In the records below, find the line with "this 1630×1080 image."; retype that line and all the following lines through the end, exactly, and add nothing.

++++

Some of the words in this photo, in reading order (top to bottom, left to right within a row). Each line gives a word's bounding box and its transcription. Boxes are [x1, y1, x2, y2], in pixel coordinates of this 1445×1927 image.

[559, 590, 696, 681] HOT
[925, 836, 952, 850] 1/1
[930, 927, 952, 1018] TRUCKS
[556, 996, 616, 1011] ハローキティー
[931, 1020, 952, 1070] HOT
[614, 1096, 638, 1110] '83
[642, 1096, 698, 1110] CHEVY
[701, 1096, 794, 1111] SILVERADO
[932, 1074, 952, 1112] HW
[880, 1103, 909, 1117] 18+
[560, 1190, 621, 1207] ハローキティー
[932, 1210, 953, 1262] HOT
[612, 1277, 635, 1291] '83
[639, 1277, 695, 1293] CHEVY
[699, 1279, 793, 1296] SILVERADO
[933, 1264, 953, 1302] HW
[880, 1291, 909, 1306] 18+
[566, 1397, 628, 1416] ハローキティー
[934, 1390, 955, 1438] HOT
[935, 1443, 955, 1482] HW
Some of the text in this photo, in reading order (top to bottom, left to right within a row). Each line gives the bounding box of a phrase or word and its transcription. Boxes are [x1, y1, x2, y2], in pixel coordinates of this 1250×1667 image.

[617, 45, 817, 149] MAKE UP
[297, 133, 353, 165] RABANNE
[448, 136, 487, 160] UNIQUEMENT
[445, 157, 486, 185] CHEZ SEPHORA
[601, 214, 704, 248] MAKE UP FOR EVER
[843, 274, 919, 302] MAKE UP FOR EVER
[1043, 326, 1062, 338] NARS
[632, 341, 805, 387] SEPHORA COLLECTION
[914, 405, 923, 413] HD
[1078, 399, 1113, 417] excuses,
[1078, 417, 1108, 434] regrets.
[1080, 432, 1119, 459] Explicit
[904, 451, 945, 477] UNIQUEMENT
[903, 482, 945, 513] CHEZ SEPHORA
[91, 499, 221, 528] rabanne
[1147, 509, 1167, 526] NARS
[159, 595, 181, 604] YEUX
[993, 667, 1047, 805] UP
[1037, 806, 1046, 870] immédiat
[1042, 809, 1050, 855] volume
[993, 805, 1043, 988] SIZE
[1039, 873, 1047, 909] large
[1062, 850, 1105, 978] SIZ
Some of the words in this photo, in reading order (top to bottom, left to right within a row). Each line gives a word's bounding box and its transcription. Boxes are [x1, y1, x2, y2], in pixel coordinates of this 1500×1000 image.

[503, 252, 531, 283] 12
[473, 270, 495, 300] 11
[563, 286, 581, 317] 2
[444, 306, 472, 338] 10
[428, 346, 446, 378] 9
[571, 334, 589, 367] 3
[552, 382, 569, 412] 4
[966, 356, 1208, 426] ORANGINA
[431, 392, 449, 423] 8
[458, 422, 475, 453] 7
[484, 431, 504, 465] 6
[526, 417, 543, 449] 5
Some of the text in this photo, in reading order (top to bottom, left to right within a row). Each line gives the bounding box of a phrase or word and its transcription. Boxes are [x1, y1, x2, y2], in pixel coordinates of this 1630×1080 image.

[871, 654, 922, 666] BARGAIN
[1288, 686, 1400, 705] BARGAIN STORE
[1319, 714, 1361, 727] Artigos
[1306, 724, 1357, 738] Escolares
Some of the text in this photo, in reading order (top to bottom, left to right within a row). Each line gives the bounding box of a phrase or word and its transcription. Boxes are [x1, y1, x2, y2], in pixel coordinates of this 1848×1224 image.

++++

- RESULT -
Some of the text in this photo, in reading order (top to bottom, left to right within a row). Each line gives the bounding box of a phrase or word and its transcription. Boxes are [x1, y1, x2, y2], in pixel coordinates of this 1630×1080 image.

[871, 654, 922, 666] BARGAIN
[1288, 686, 1400, 705] BARGAIN STORE
[1319, 714, 1361, 727] Artigos
[1306, 724, 1357, 738] Escolares
Some of the text in this photo, in reading order (top to bottom, left to right within a row). Each line gives the bounding box of a phrase or word and its transcription. Boxes are [x1, y1, x2, y2], in pixel coordinates of this 1848×1224 image.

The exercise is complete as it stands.